Methane Pollution from Fracking May be Underestimated

Hydraulic fracturing (fracking) for natural gas may be responsible more methane gas air pollution than originally thought.

According to a Christian Science Monitor report on a new study from the National Oceanic and Atmospheric Administration, a fracking well near Boulder, Colo., is allowing at least 4 percent of its “gross annual production” to escape into the air. The contents of this escaping gas are mostly methane gas. Previous estimates suggested less than 2 percent (1.6) of a well’s gas output was released into the air.

Residents living closest to active fracking wells already have plenty of reason to fear the threat of methane gas contamination, but through groundwater contamination. The study released this week indicates there is fresh reason to worry and should give anti-fracking activists more ammunition for their argument the gas exploration process is dangerous.

Scads of previous reports have noted the likelihood of a property owner experiencing methane gas contamination of their water wells if it’s located within about a mile of an active well. Contamination for some property owners has reached the point where water is unusable and some have can light their tap water on fire.

NOAA said it must conduct testing at other fracking wells outside the Boulder location to determine if this is an isolated incident of escaping gas or if this is standard at all or most wells. The study believes average gas escape rates at fracking wells could range from 2.3 percent to 7.7 percent, according to the CSMonitor.com report.

Fracking has been conducted in Colorado for years, long before a boom in the industry led to a spate of wells to be opened in the Mid Atlantic region. Recent Environmental Protection Agency testing on fracking wells near another Colorado town was the first federal test to link fracking drilling to water contamination.

The report notes that methane gas contamination is far more dangerous than other types of air pollution and reducing methane output overall, especially at fracking wells, could reduce the impact greenhouse gases have on global climate change. Excessive methane gas contamination will result in smog and other harmful effects.

For the study, researchers at NOAA and University of Colorado-Boulder conducted field tests near active fracking field in Colorado. They collected air samples at a tower near Denver and via a specially-outfitted car which toured areas closest to the wells monitored in the study. The contents of the air collected by the tower were methane-rich and researchers were able to identify the air as a byproduct of the nearby fracking drilling. More conventional means of drilling do not result in such a massive and widespread release of methane gas and other Volatile Organic Compounds.

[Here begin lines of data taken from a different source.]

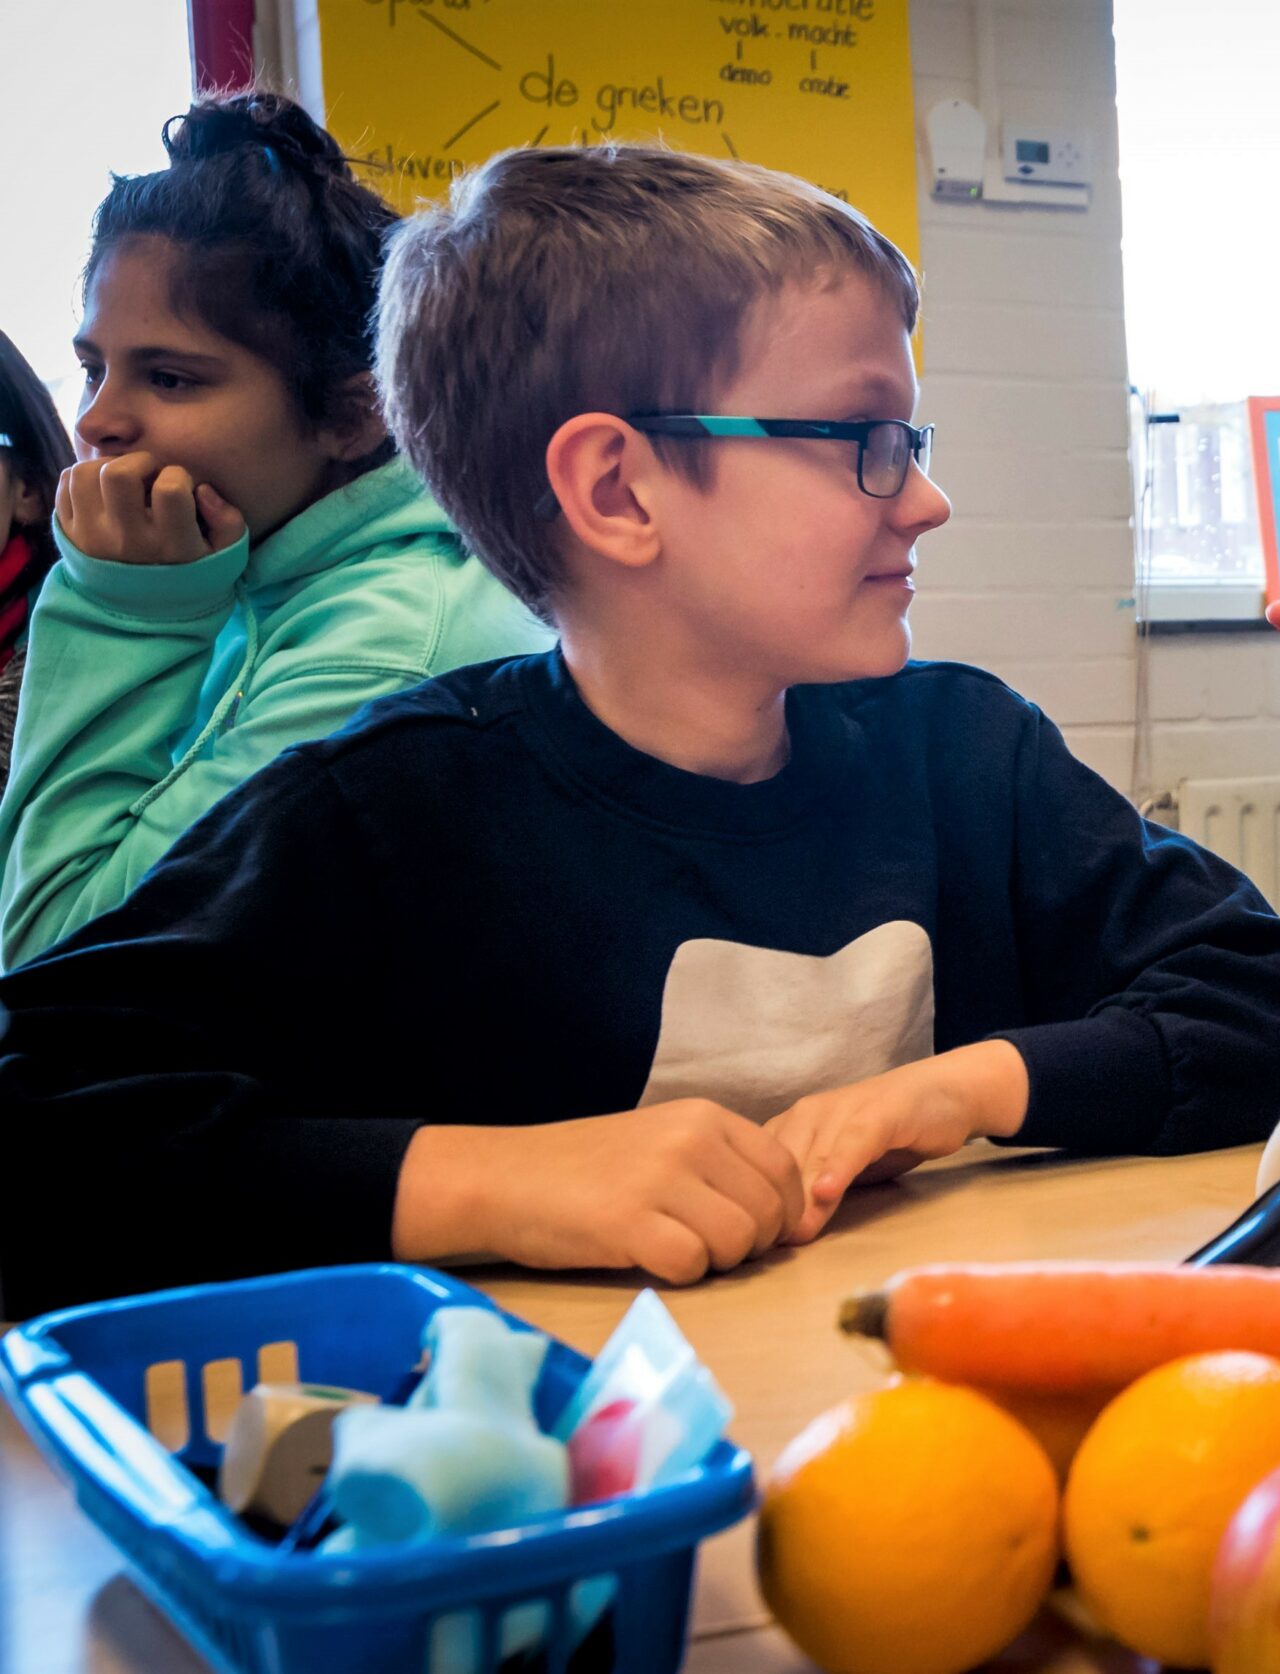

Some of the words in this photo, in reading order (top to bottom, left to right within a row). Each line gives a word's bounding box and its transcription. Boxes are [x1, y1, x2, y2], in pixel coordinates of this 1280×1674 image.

[719, 14, 769, 37] volk
[788, 20, 857, 47] macht
[519, 53, 579, 107] de
[590, 76, 724, 133] grieken
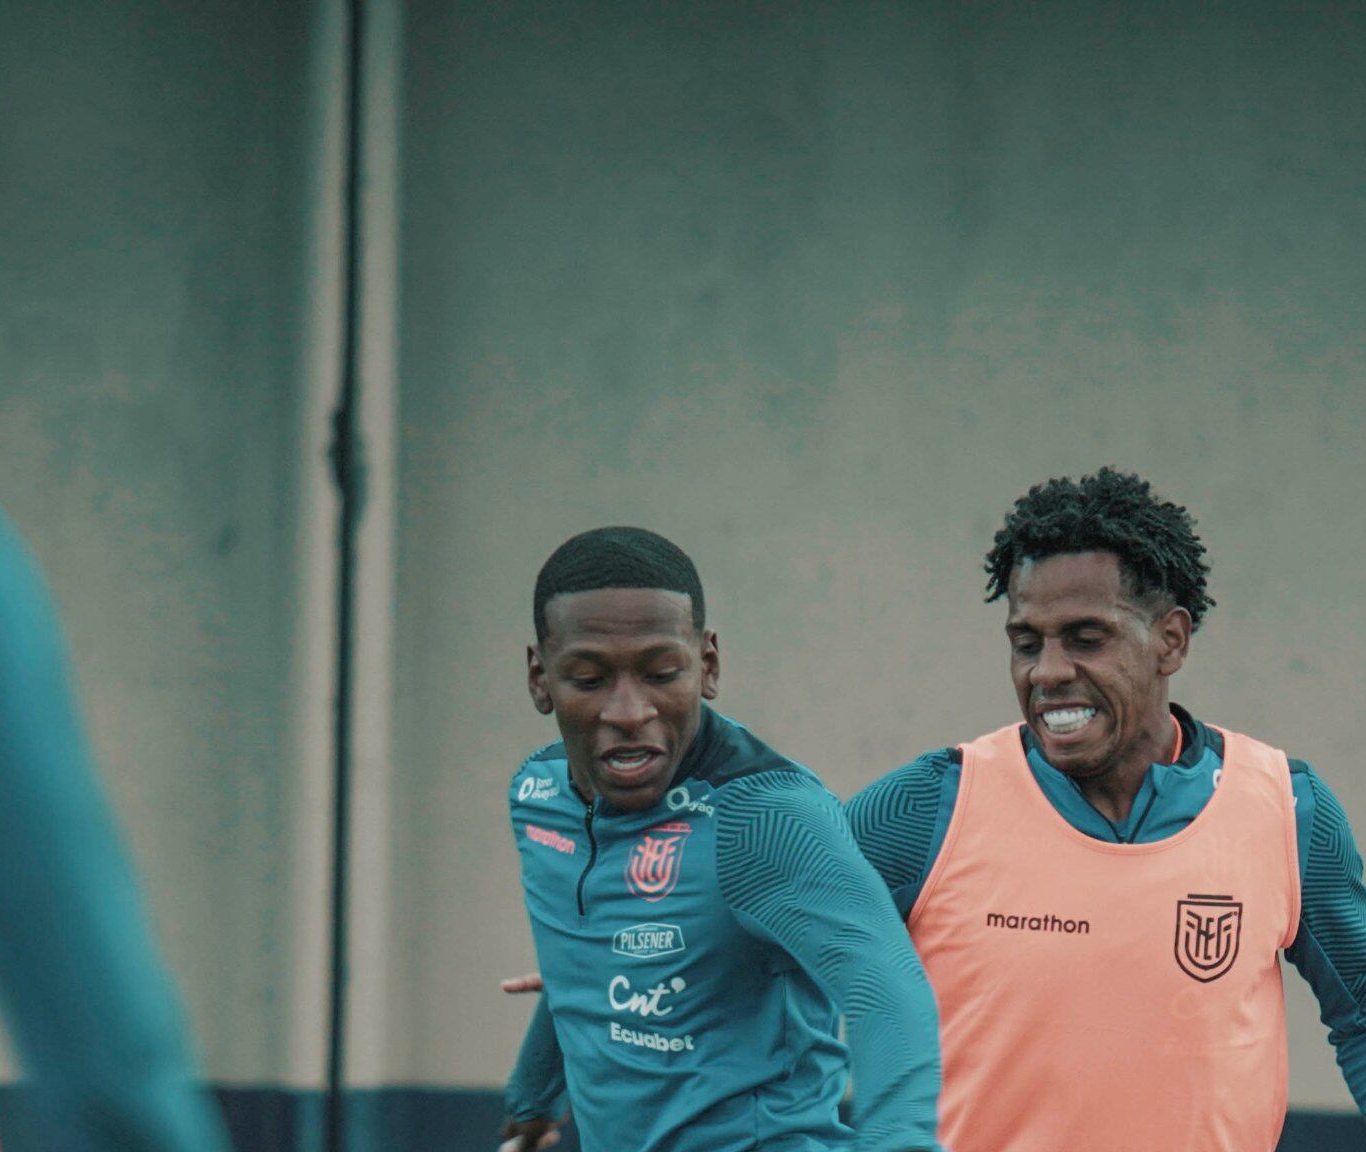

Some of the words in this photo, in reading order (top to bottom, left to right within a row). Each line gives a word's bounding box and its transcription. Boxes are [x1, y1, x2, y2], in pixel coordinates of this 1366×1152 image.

[986, 913, 1090, 934] marathon
[620, 930, 674, 949] PILSENER
[609, 975, 673, 1016] Cnt
[610, 1021, 694, 1052] Ecuabet
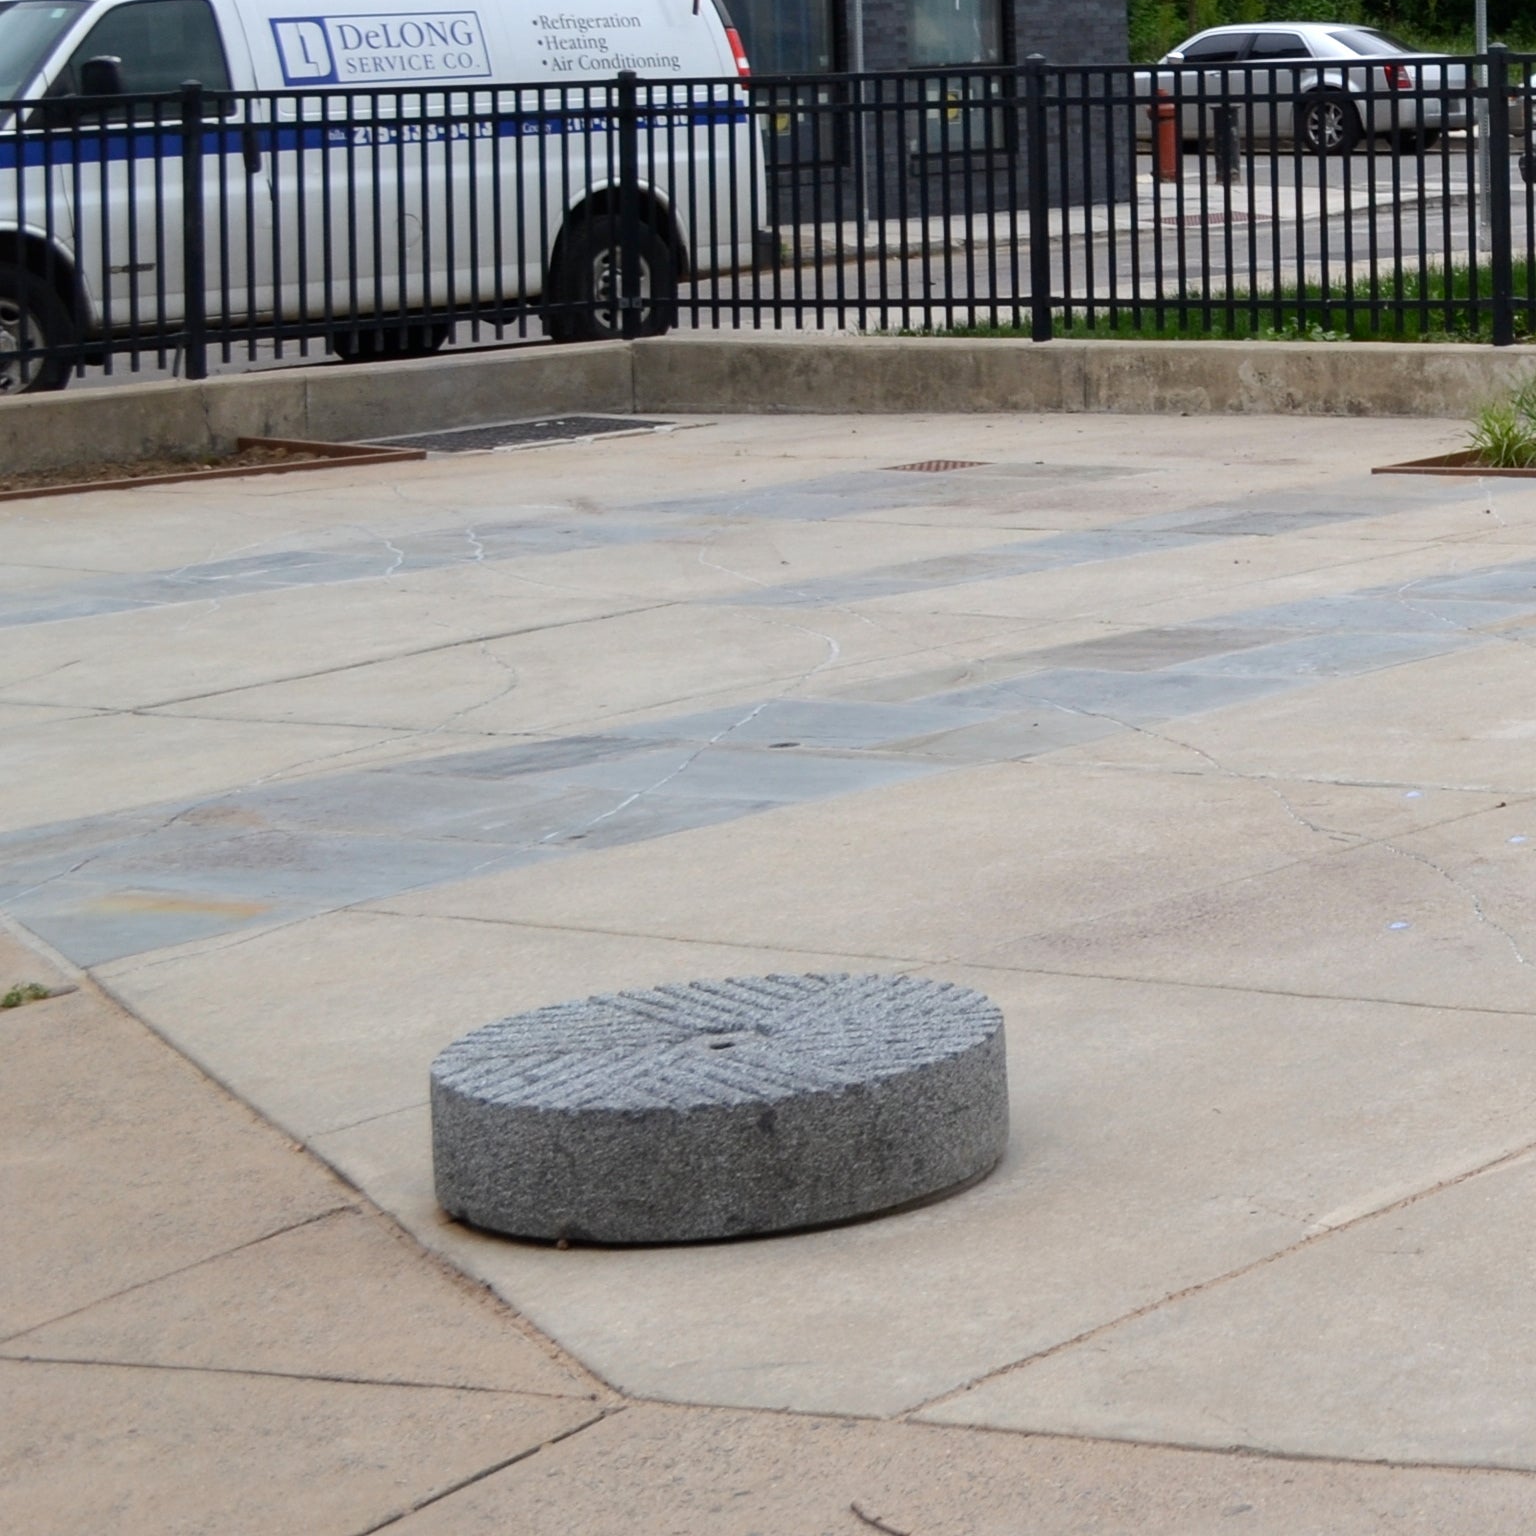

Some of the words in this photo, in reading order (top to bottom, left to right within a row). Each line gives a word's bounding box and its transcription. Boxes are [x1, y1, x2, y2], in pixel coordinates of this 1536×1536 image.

[541, 13, 641, 32] Refrigeration
[337, 20, 474, 52] DeLONG
[546, 35, 608, 53] Heating
[346, 54, 435, 75] SERVICE
[443, 52, 480, 71] CO.
[551, 56, 574, 71] Air
[578, 52, 681, 73] Conditioning

The Environmental Protection Agency (EPA) continues to work on drafting fracking regulations as the natural gas industry looks to take advantage of previously untapped resources and have made every attempt to do so in the absence of much federal, state or local rules. The EPA has delayed the release of those regulations numerous times, but this report from Christian Science Monitor indicates the agency is expected to release guidelines on capturing escaping gas at fracking wells by April.